Communication is the foundation of a good attorney-client relationship. Here are a few hints to help build that foundation.
- Prepare for phone calls and meetings with your attorney.
Organize your materials and information before you talk with your attorney. Prepare a written summary or detailed notes that outline your problems and questions. Depending on the case or legal matter, a summary should include the names, addresses and phone numbers of anyone involved in your matter. Remember to bring relevant documents to your first interview and be prompt for all appointments.
Be as brief as possible in all interviews and stick to business; socializing is expensive if you are paying an attorney by the hour. While your attorney will provide advice on legal matters, you are usually much better off consulting with a professional therapist to work through any emotional issues that often accompany legal problems.
- Always keep your attorney informed
Tell your attorney immediately of changes or new information that might affect your case. Meaningful and responsive communication is very important. Your case can change without warning, and your attorney needs to be fully informed of any changed circumstances.

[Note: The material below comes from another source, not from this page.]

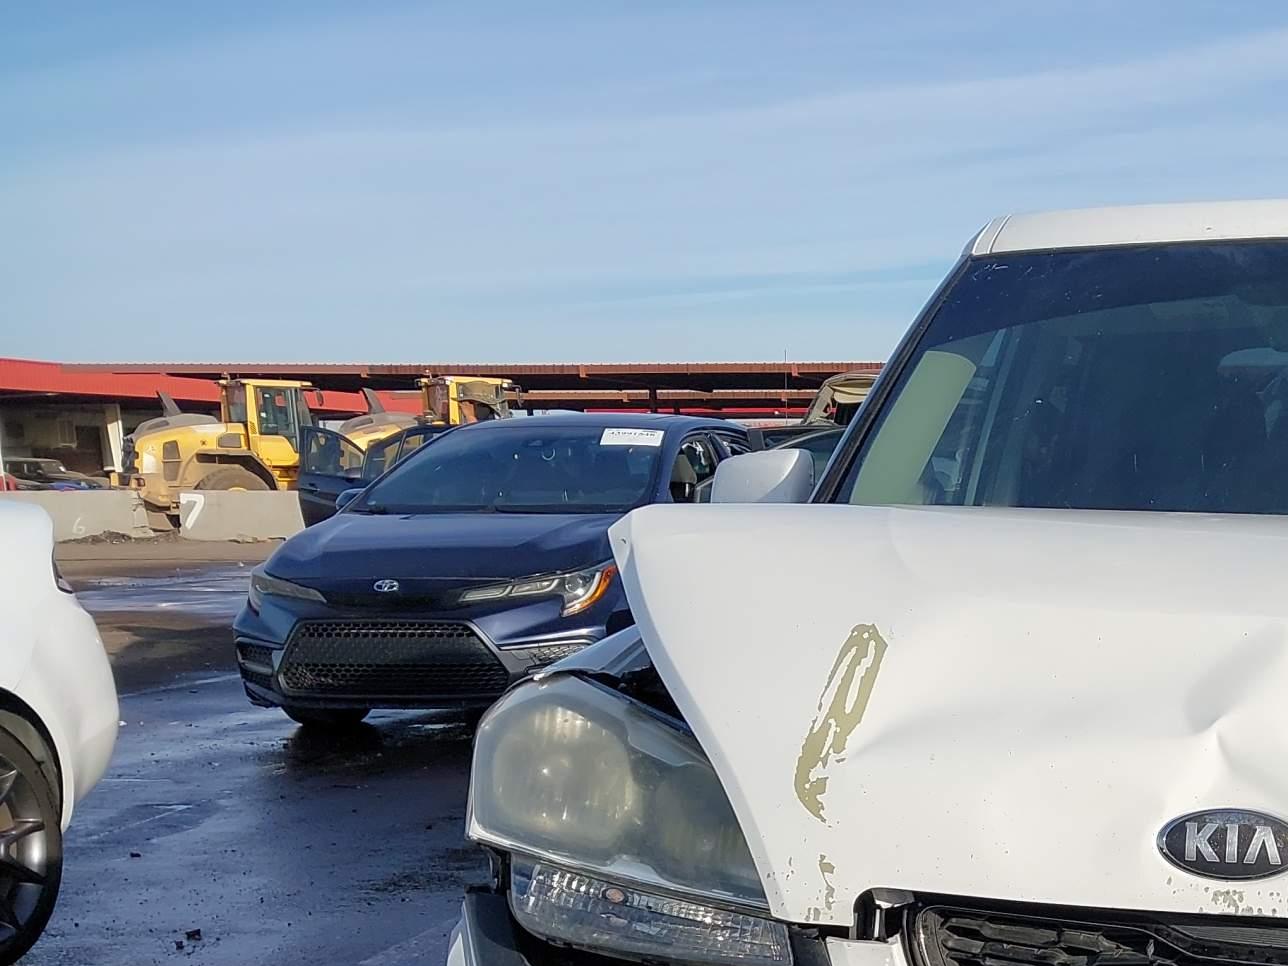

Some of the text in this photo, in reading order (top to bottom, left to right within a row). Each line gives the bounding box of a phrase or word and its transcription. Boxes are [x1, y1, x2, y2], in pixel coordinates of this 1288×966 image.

If your attorney asks you to gather information about your case, do so promptly. Make a checklist of what you need to do, or ask the attorney to make a checklist for you.
If you change your address, phone number, or employment, inform your attorney of the changes.

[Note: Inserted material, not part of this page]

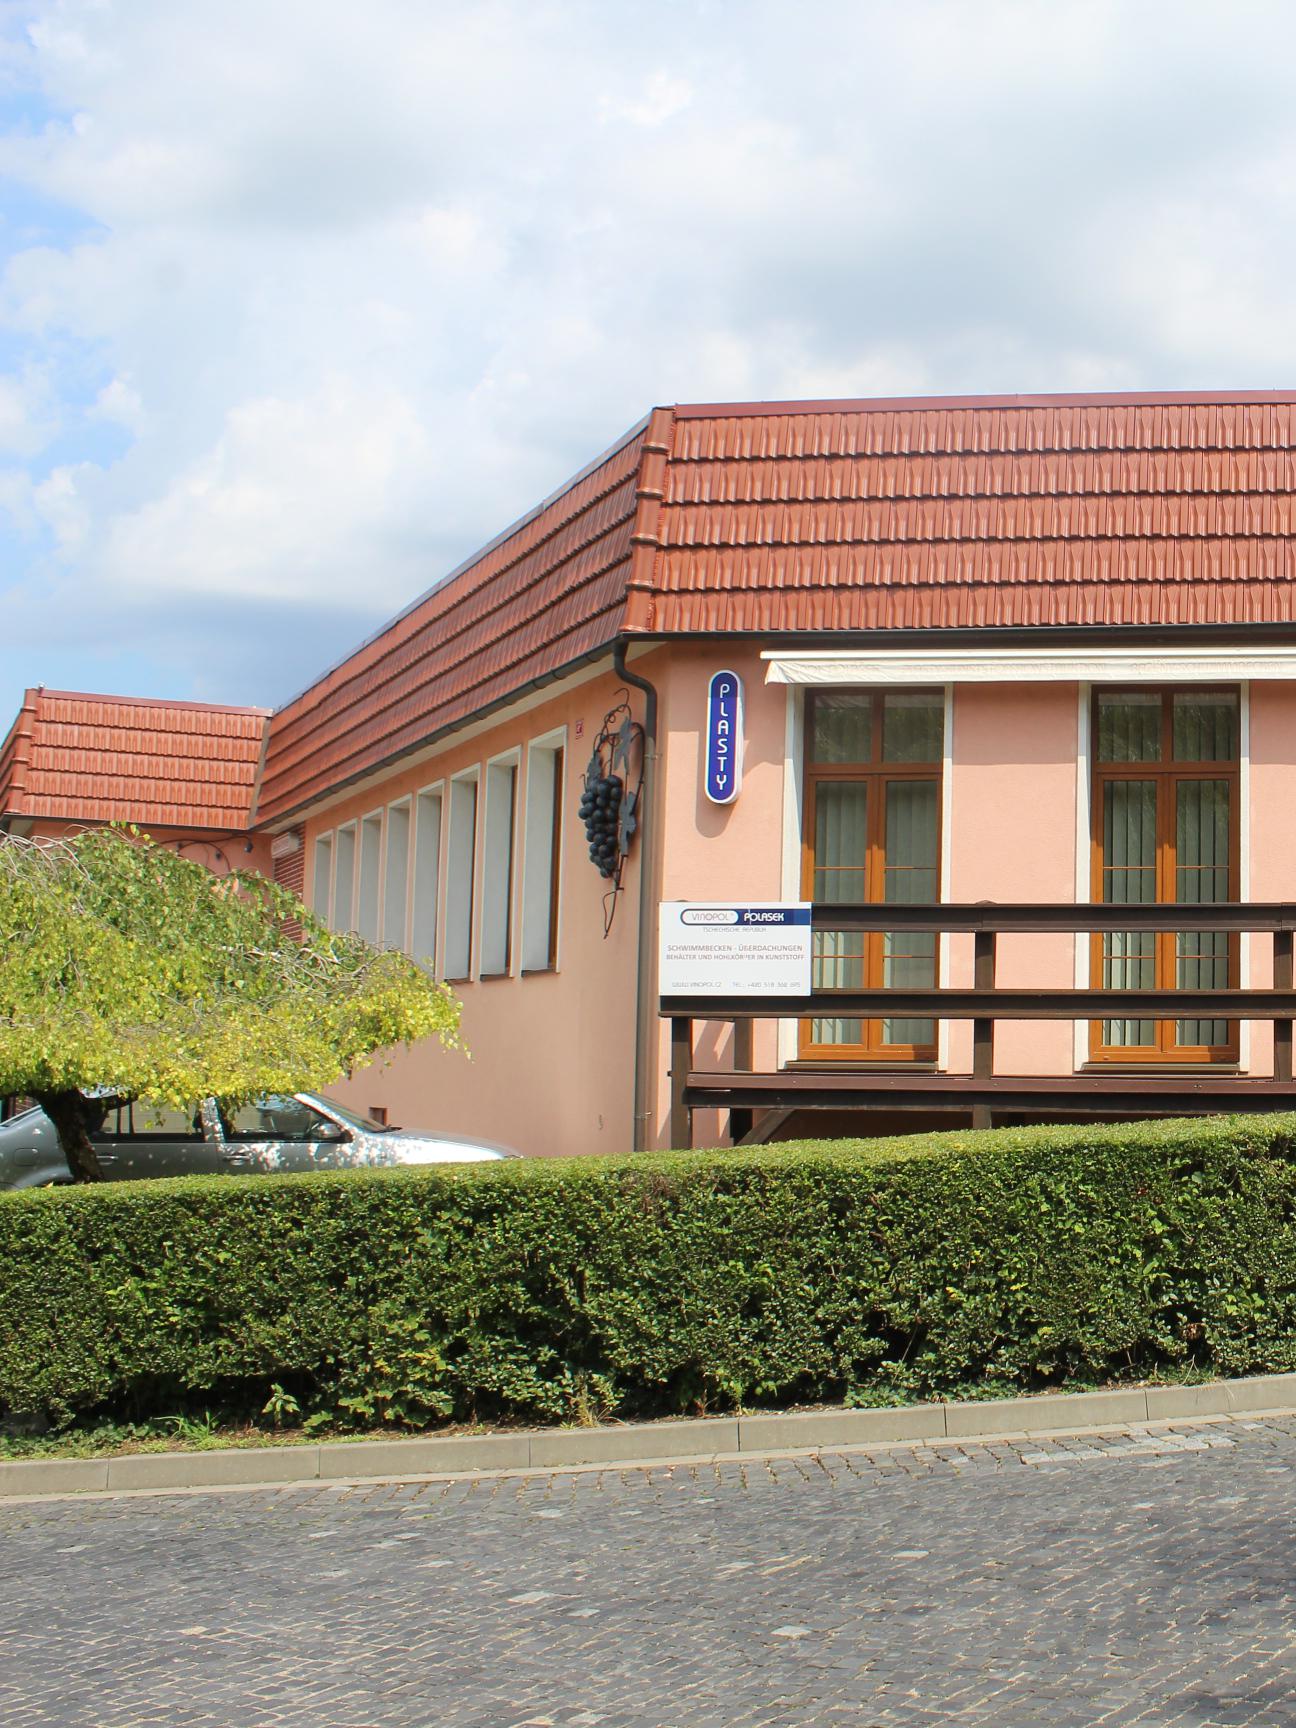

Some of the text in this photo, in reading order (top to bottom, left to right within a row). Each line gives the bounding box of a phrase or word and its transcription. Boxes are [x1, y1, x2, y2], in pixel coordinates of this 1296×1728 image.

[716, 683, 730, 791] PLASTY
[744, 912, 784, 922] POLASEK
[739, 943, 803, 951] ÜBERDACHUNGEN

If you receive any new documents that relate in any way to your case, immediately give them to your attorneys.
- Ask your lawyer questions
If you have questions about anything involved in your legal matter, then ask your attorney for an explanation. To serve you effectively, your attorney must trust that you understand your case and the legal process.
- Agree on a reporting procedure
Your attorney should report to you regularly on the progress of your case. Discuss how frequently you would like to be updated and how you want to be updated on the progress of your case. Your attorney should be able to update you based on your stated preferences, such as e-mail, mail or by phone.
Remember, your attorney is working for you. If you have any questions about your case, you should be able to contact your attorney. If you are paying an hourly rate for your attorney’s time, asking several questions at once, rather than calling each time a question arises, may be more cost-effective for you.
- Listen to your attorney
Your attorney is your advocate and has a duty to protect your interests. Listen to your attorney, and do not hire an attorney you do not trust.
Remember that your attorney’s judgment about your matter is based on legal experience and training and that the best legal advice for you may not be what you actually want to hear. No attorney can be expected to win every case, nor should your attorney promise to win your case.